Some high corporal punishment states are not particularly racially disproportionate. Texas, notably, uses corporal punishment on black students and white with equal likelihood. Texas shows up on the lists of where black students are hit because it is a large state that administers corporal punishment at a moderately high rate.
Alabama—where the rate of corporal punishment is 10 times the national average—also shows equal rates of black and white children experiencing physical violence from educators.
In North Carolina, black students are twice as likely to be struck as white students, but North Carolina uses corporal punishment relatively infrequently and so accounts for a small proportion of punishment of black students. Notably, in South Carolina the rate of corporal punishment is below the national average and is not racially disproportionate.
While heavy use of corporal punishment is more common in states of the former Confederacy, racially disproportionate application happens in northern states as well. Schools in Pennsylvania and Michigan are nearly twice as likely to beat black children as white, although both have low overall rates of corporal punishment.
Perhaps most surprisingly, corporal punishment in Maine is wildly disproportionate—with black children being eight times as likely to be hurt as white children.

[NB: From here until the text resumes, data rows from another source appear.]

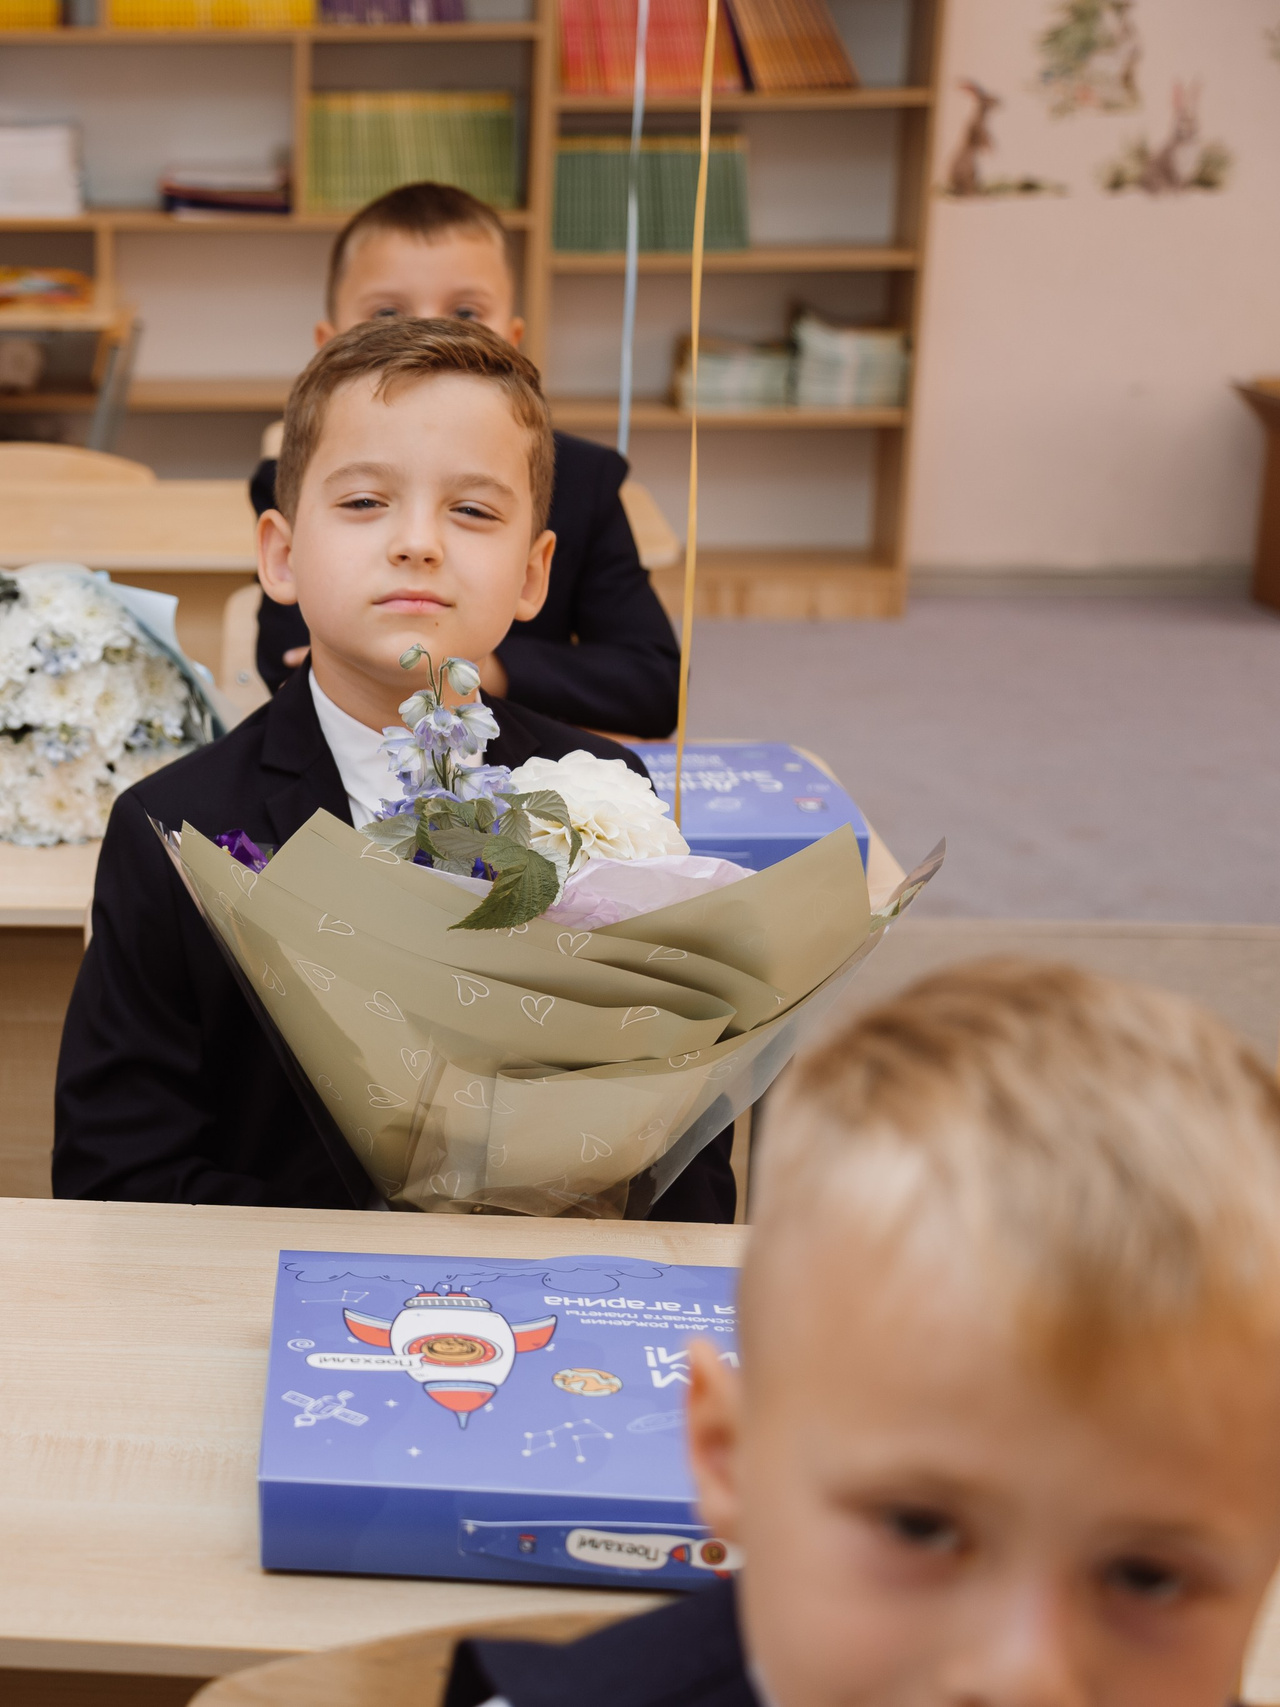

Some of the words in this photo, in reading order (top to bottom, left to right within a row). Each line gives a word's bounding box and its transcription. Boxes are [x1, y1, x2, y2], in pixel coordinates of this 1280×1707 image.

[543, 1295, 702, 1315] Гагарина
[565, 1309, 639, 1320] планеты
[642, 1312, 736, 1325] осмонавта
[580, 1318, 670, 1329] рождения
[673, 1322, 709, 1332] дня
[319, 1355, 414, 1367] Поехали!
[578, 1534, 660, 1562] Поехали!

Colorado, Ohio, and California also have rates of corporal punishment for black children that are 70 percent or more higher than for white children.
In Figure 4, I show rates of corporal punishment for white students on the horizontal axis and for black students on the vertical axis. States above the 45° line in Figure 2 have racially disproportionate corporal punishments. The states clustered at the lower left of the graph have relatively lower rates of corporal punishment, sometimes disproportionate and sometimes not.
Mississippi stands alone.
While the symbolism of continued physical violence against black children is inescapable, the disproportionate application of other forms of discipline may be of even greater concern. Except in Mississippi and Arkansas, the typical black student will probably not be subjected to corporal punishment during his school career.

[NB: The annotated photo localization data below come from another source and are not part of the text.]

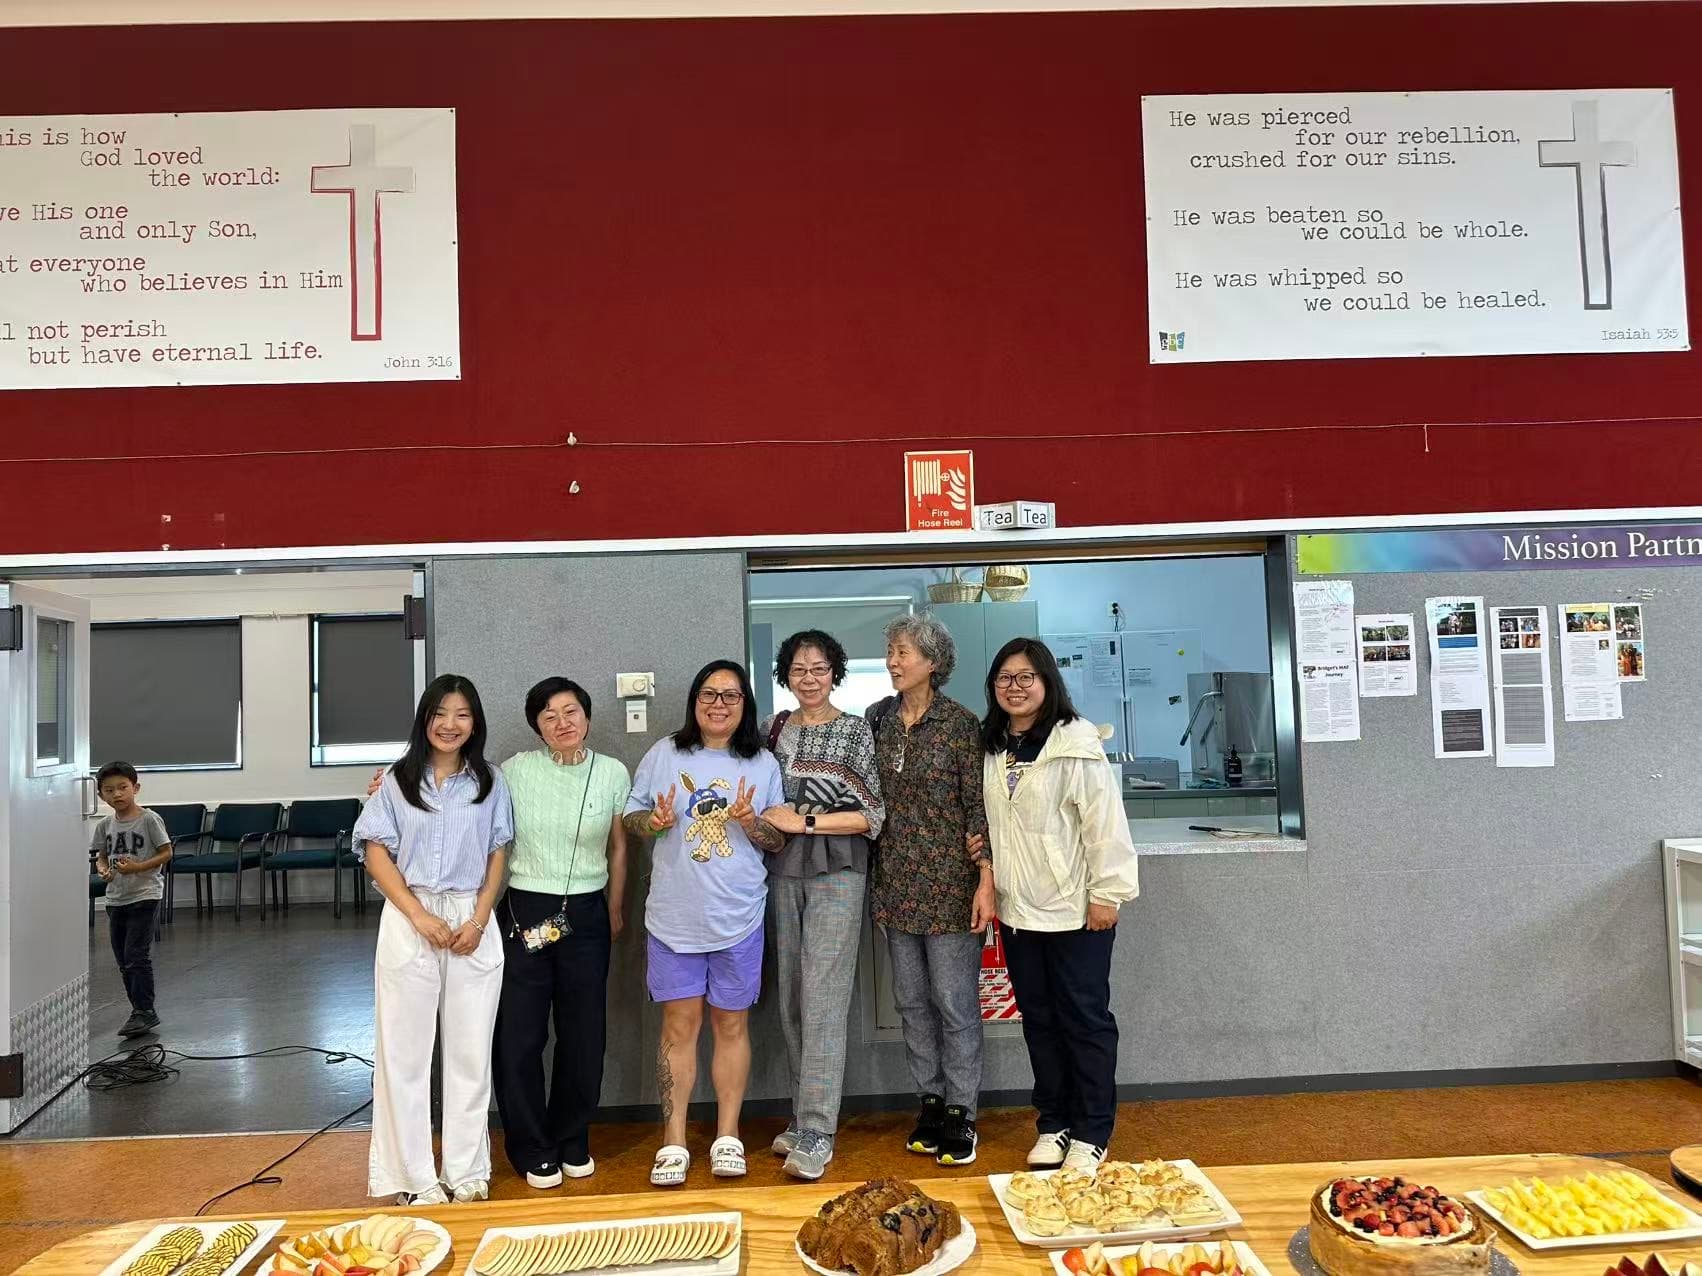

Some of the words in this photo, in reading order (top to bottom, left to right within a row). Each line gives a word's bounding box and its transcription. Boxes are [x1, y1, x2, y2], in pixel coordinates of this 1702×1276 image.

[1169, 111, 1196, 126] He
[1207, 113, 1250, 125] was
[1261, 107, 1352, 129] pierced
[43, 128, 69, 145] is
[81, 128, 126, 145] how
[1295, 129, 1335, 145] for
[1346, 132, 1387, 145] our
[1398, 126, 1520, 144] rebellion,
[81, 148, 122, 166] God
[134, 146, 204, 165] loved
[1190, 150, 1286, 168] crushed
[1296, 151, 1336, 167] for
[1345, 153, 1387, 166] our
[1398, 147, 1455, 165] sins.
[148, 169, 190, 186] the
[202, 167, 279, 186] world:
[32, 202, 73, 220] His
[85, 206, 128, 219] one
[1174, 210, 1200, 226] He
[1212, 211, 1255, 224] was
[1266, 206, 1347, 223] beaten
[1358, 210, 1383, 222] so
[80, 221, 126, 240] and
[137, 221, 196, 243] only
[208, 221, 256, 239] Son,
[1301, 227, 1328, 240] we
[1340, 222, 1407, 240] could
[1417, 222, 1443, 238] be
[1454, 221, 1528, 238] whole.
[30, 257, 145, 277] everyone
[81, 274, 126, 292] who
[138, 273, 247, 291] believes
[259, 271, 288, 289] in
[300, 270, 343, 288] Him
[1176, 272, 1202, 288] He
[1214, 274, 1257, 287] was
[1268, 267, 1366, 289] whipped
[1377, 271, 1403, 284] so
[1304, 298, 1331, 311] we
[1343, 292, 1410, 310] could
[1421, 292, 1446, 309] be
[1457, 290, 1546, 308] healed.
[0, 322, 16, 341] l
[27, 320, 69, 340] not
[81, 320, 167, 343] perish
[1601, 328, 1651, 340] Isaiah
[1656, 328, 1680, 340] 53:5
[28, 346, 70, 364] but
[81, 346, 141, 364] have
[152, 343, 253, 361] eternal
[264, 341, 322, 359] life.
[384, 356, 421, 368] John
[427, 355, 453, 368] 3:16
[918, 519, 941, 528] Hose
[944, 518, 963, 527] Reel
[931, 509, 949, 517] Fire
[984, 511, 1012, 525] Tea
[1023, 508, 1047, 524] Tea
[1502, 534, 1618, 560] Mission
[1627, 532, 1702, 557] Partn

In contrast, school suspensions are much more common. Figure 5 shows rates of suspension by race.
Note that an astounding 15 percent of black students receive an out-of-school suspension in a given year, a rate nearly 4 times that of white students; in-school suspensions are more than twice as likely among black students.
Figure 6 shows out-of-school suspension rates for black and white students by state.
Out-of-school suspensions are applied disproportionately in every state—all points are above the red line. And these discipline patterns do not line up with old geographic patterns. The highest suspension rates for black students are in Wisconsin. And the greatest disparities (measured as the ratio of black-to-white suspension rates) are in the District of Columbia.
Every time a child is beaten in school and every time one is suspended and thus loses learning time, something or someone has failed that child along the way, regardless of the “reason” for the punishment. So long as these failures fall disproportionately on black children, we are not yet living up to the dream that “children will one day live in a nation where they will not be judged by the color of their skin but by the content of their character.”